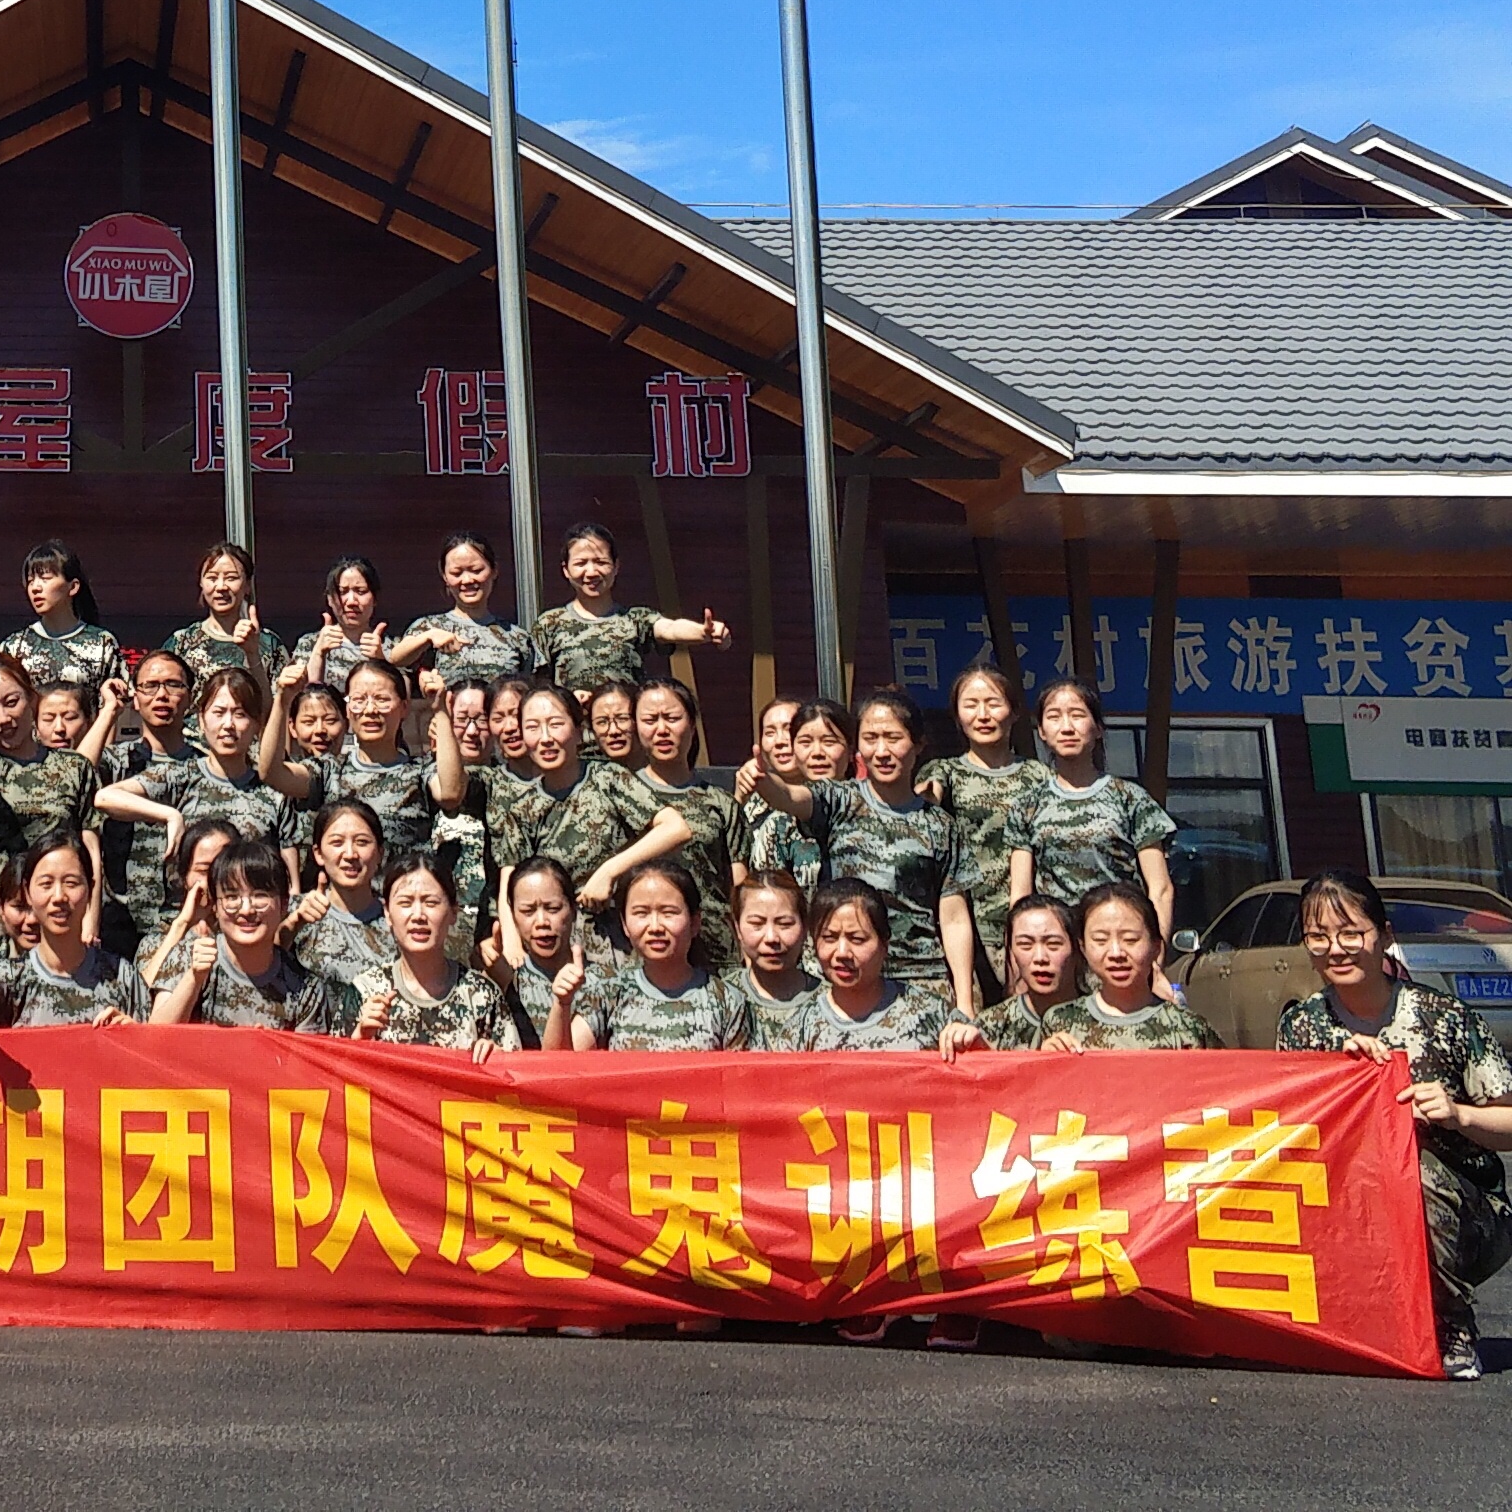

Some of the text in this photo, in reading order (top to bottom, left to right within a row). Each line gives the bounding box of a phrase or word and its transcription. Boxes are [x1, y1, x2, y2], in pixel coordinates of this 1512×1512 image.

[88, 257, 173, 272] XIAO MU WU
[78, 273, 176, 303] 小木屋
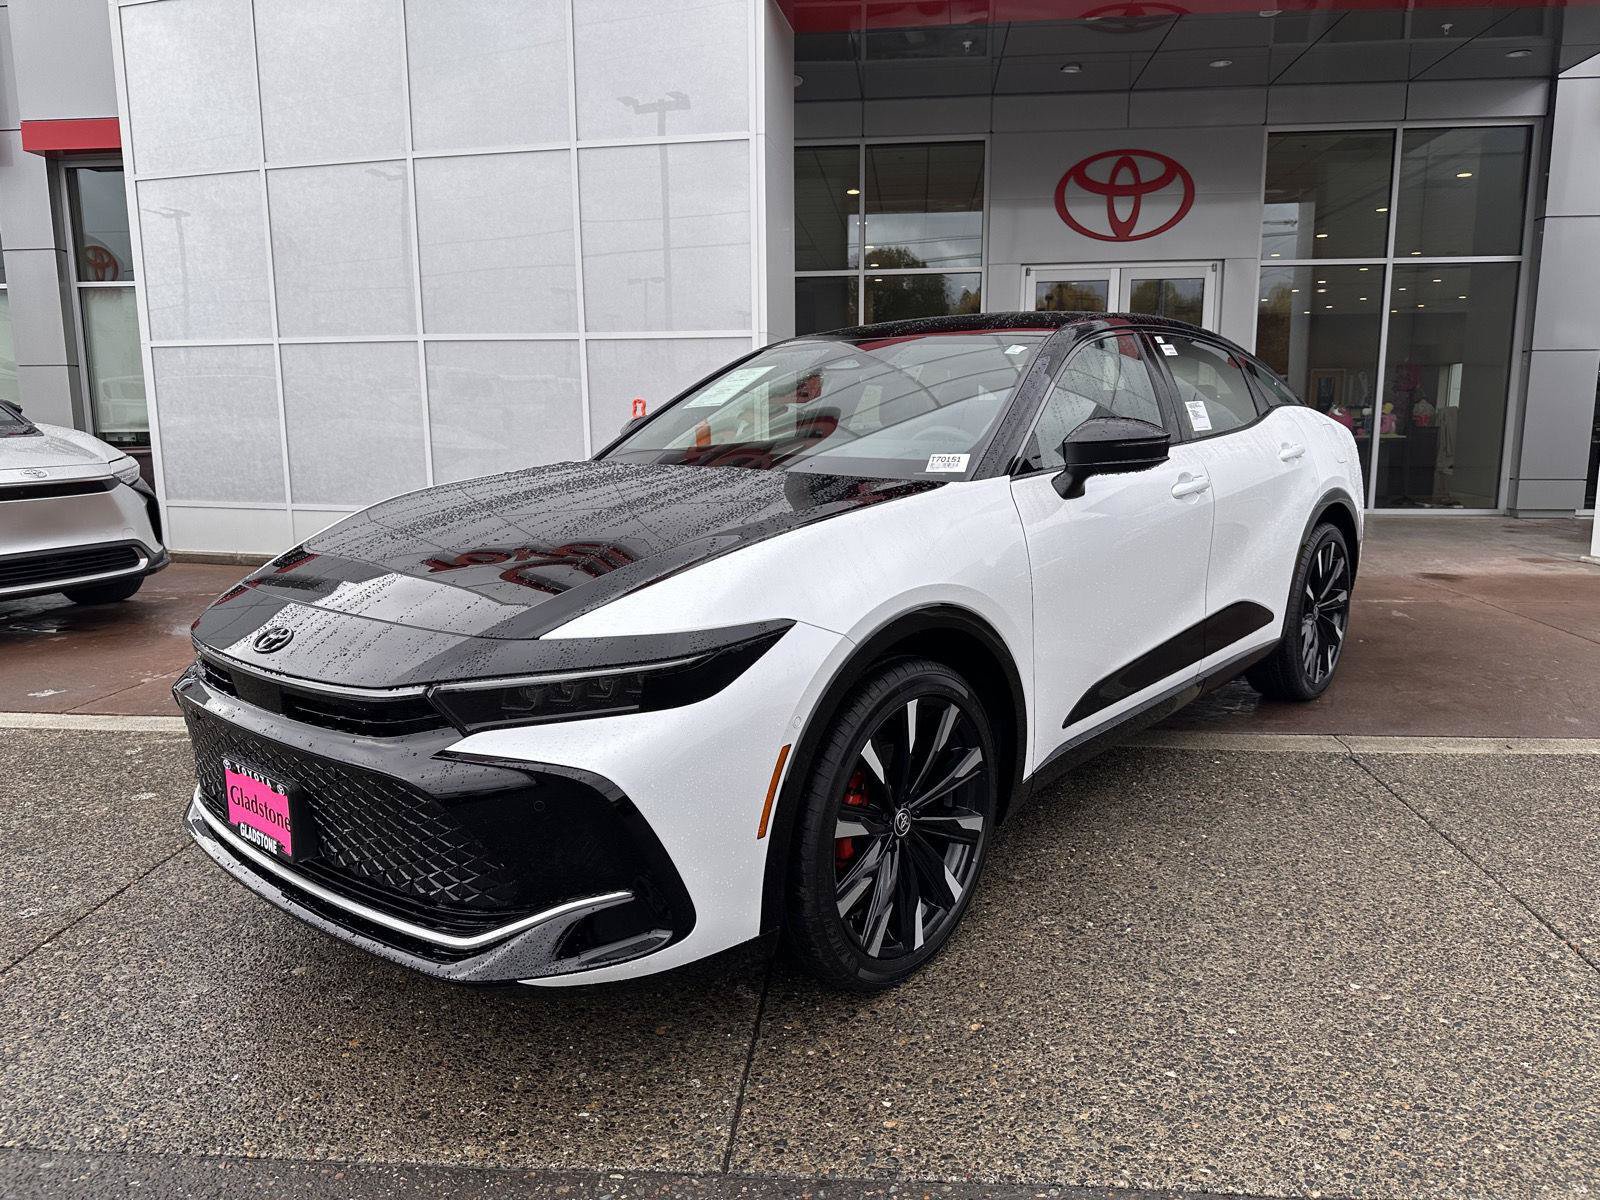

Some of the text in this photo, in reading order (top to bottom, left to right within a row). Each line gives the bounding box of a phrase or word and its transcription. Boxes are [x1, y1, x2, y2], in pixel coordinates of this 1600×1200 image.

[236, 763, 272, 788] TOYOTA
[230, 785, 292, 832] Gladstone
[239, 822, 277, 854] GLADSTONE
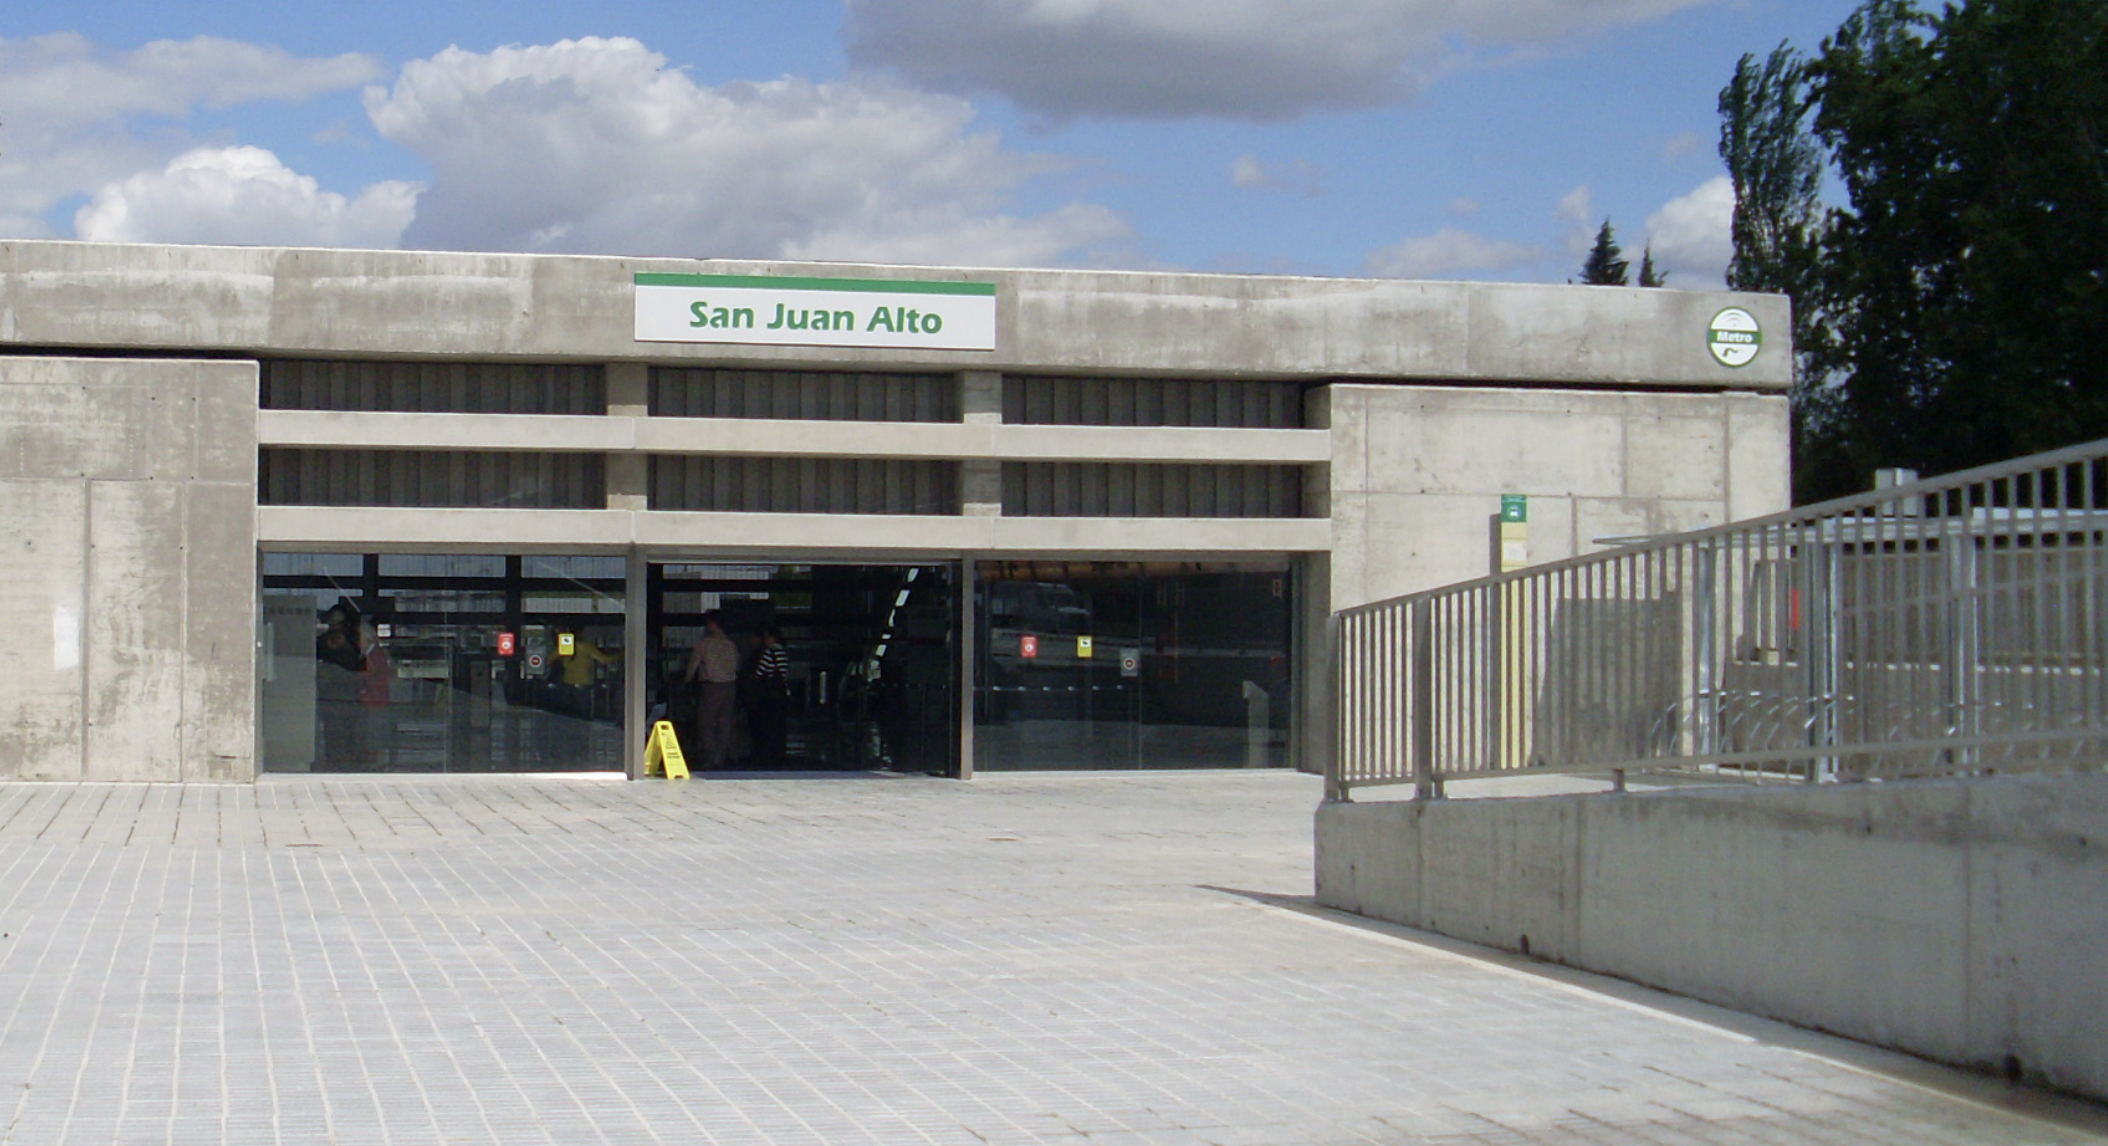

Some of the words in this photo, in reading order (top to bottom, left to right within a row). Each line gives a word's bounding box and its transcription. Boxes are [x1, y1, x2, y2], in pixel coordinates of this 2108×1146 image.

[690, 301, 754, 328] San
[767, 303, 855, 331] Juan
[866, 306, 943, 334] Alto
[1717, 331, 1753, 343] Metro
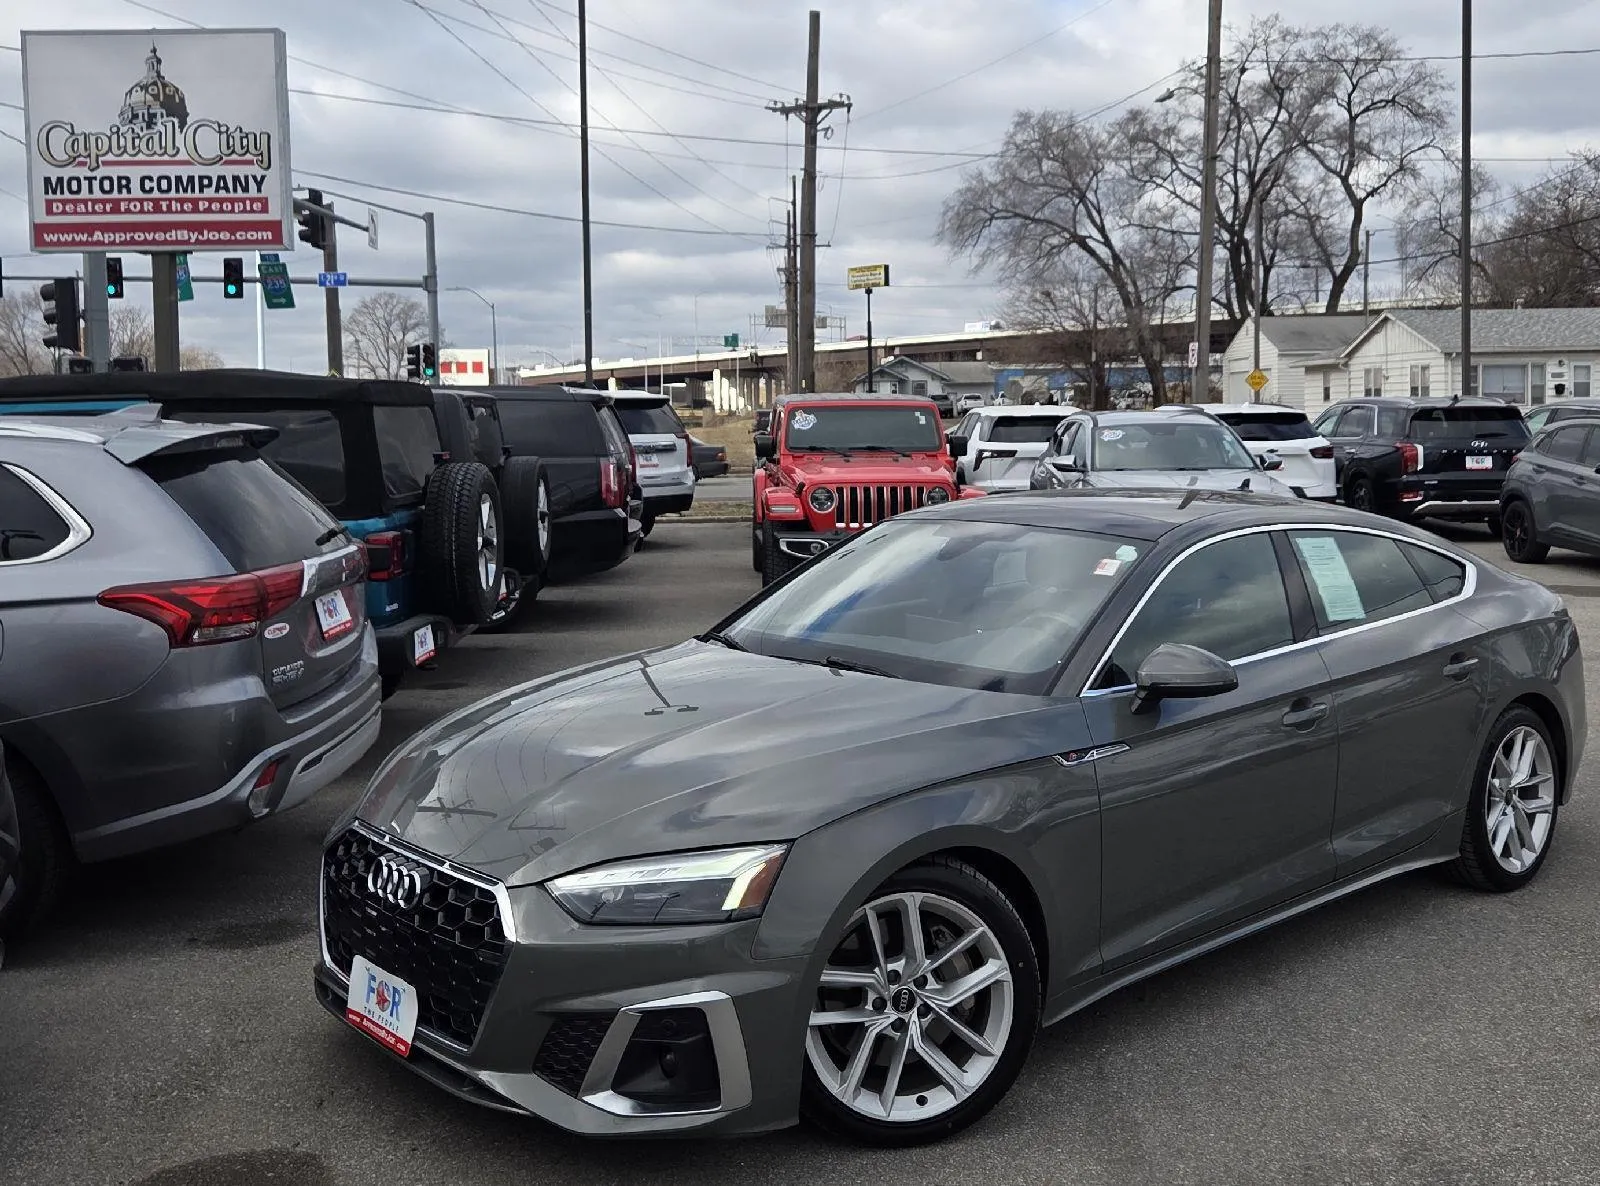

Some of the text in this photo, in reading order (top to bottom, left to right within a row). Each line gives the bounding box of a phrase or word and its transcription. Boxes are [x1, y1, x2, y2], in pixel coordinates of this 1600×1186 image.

----

● Exercise instructions
Repeat the data exactly, dropping every picture it holds.

● Exercise result
Some of the text in this photo, in reading order (top to bottom, left to right within a row). Each line gives the bounding box of a phrase or word and its transcription. Boxes are [x1, y1, x2, y2], in pixel coordinates of this 1512×1512 image.

[88, 257, 173, 272] XIAO MU WU
[78, 273, 176, 303] 小木屋

Some of the text in this photo, in reading order (top to bottom, left to right within a row). Each line gives the bounding box of a phrase or word and its transcription. Boxes are [x1, y1, x2, y2], in pixel coordinates of this 1600×1200 image.

[236, 763, 272, 788] TOYOTA
[230, 785, 292, 832] Gladstone
[239, 822, 277, 854] GLADSTONE

Some of the words in this photo, in reading order (top to bottom, left to right within a row). Each line gives a word's bounding box and its transcription. Boxes are [x1, y1, x2, y2], in pixel coordinates of this 2108×1146 image.

[690, 301, 754, 328] San
[767, 303, 855, 331] Juan
[866, 306, 943, 334] Alto
[1717, 331, 1753, 343] Metro

Some of the text in this photo, in reading order (top to bottom, left to right within a row). Each line gives the bounding box of a phrase or word and its transcription. Boxes are [x1, y1, x2, y2], in pixel coordinates of this 1600×1186 image.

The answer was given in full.